Roca and the other members of the group were arrested on 16 July 1997. The four were detained for nineteen months, then tried for sedition in March 1999 in a one-day trial that was closed to foreign press. Roca was sentenced to five years of imprisonment. The defendants became known as the "Group of Four". The United States, Canada, the European Union, and the Vatican all called for his release, while Amnesty International declared them prisoners of conscience, "detained solely for peacefully exercising their rights to freedom of expression and association".

Roque, Bonne, and Gómez were released in May 2000, but Roca was held for an additional two years. The Human Rights Committee of the American National Academy of Sciences speculated that he was "singled out for particularly severe treatment because he had been a member of the Cuban Communist Party and his father had been one of its founding members".

Roca entered prison an atheist, but was baptized Roman Catholic on 24 September 1999; he credited his new faith with helping him endure imprisonment. He was released from prison on 6 May 2002, 70 days before his five-year sentence would have expired. CNN described the early release as "apparently a conciliatory gesture" by Castro ahead of a visit by former American president Jimmy Carter. Roca told reporters, "I plan to continue working like I was before being arrested ... to continue the struggle because I believe I will see a change in Cuba before too long". Roca met with Carter a week after his release.

== Later activism ==
In March 2003, Roca, Roque, and Elizardo Sánchez lobbied the European Union not to sign a trade agreement with Cuba. Roca stated that "we do not believe a country with such a black human rights record should be allowed to join". Roca also criticized the EU's lifting of sanctions against Cuba in 2008, accusing leaders of pushing the measure through against the popular will.

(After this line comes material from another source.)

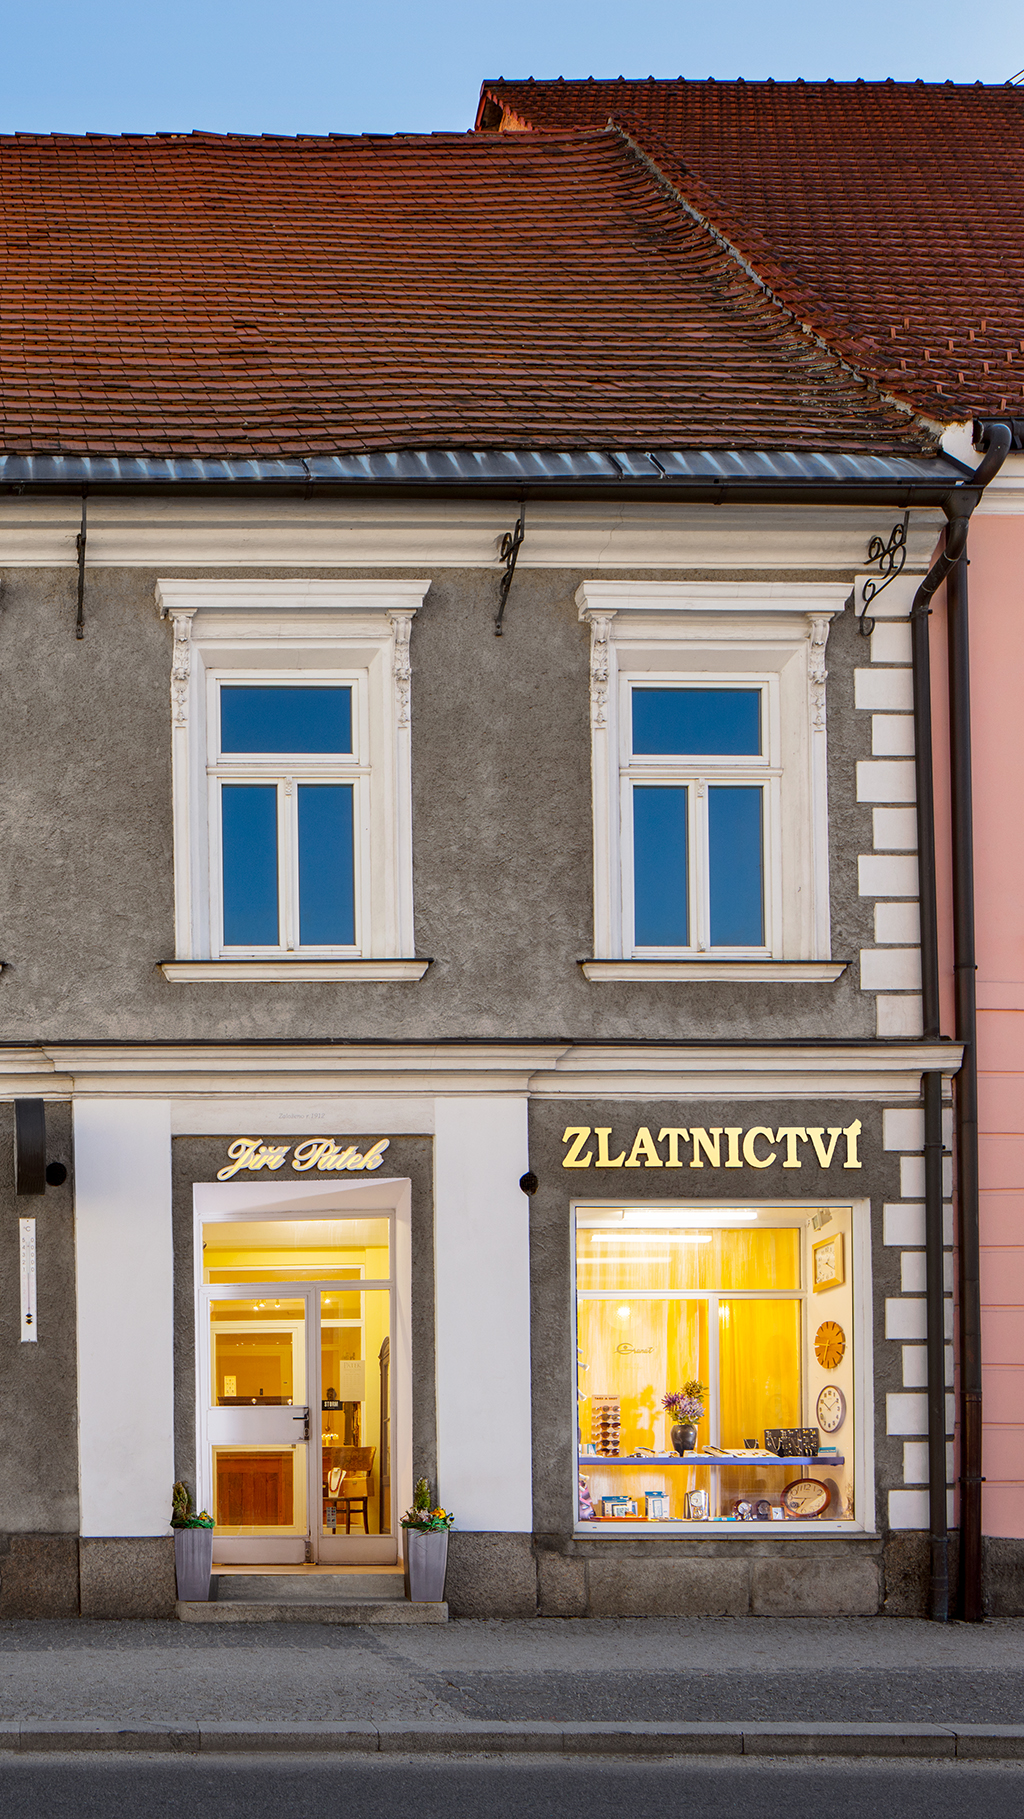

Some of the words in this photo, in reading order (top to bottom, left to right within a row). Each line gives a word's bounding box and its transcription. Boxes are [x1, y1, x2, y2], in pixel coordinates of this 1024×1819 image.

In May 2005, Roca and Roque organized a meeting of 200 dissidents which was, unusually, not interrupted by police. Roque described it as "the first such gathering in Fidel Castro's 46 years of communist rule" and "a point of departure" for further discussion.

== Personal life ==
Roca was married to Magaly de Armas and they had a son and a daughter. He died from complications of diabetes and Alzheimer's disease in Havana, on 30 July 2023 at the age of 80.

== Recognition ==
In 2002, he won the Civil Courage Prize, which recognizes "steadfast resistance to evil at great personal risk—rather than military valor."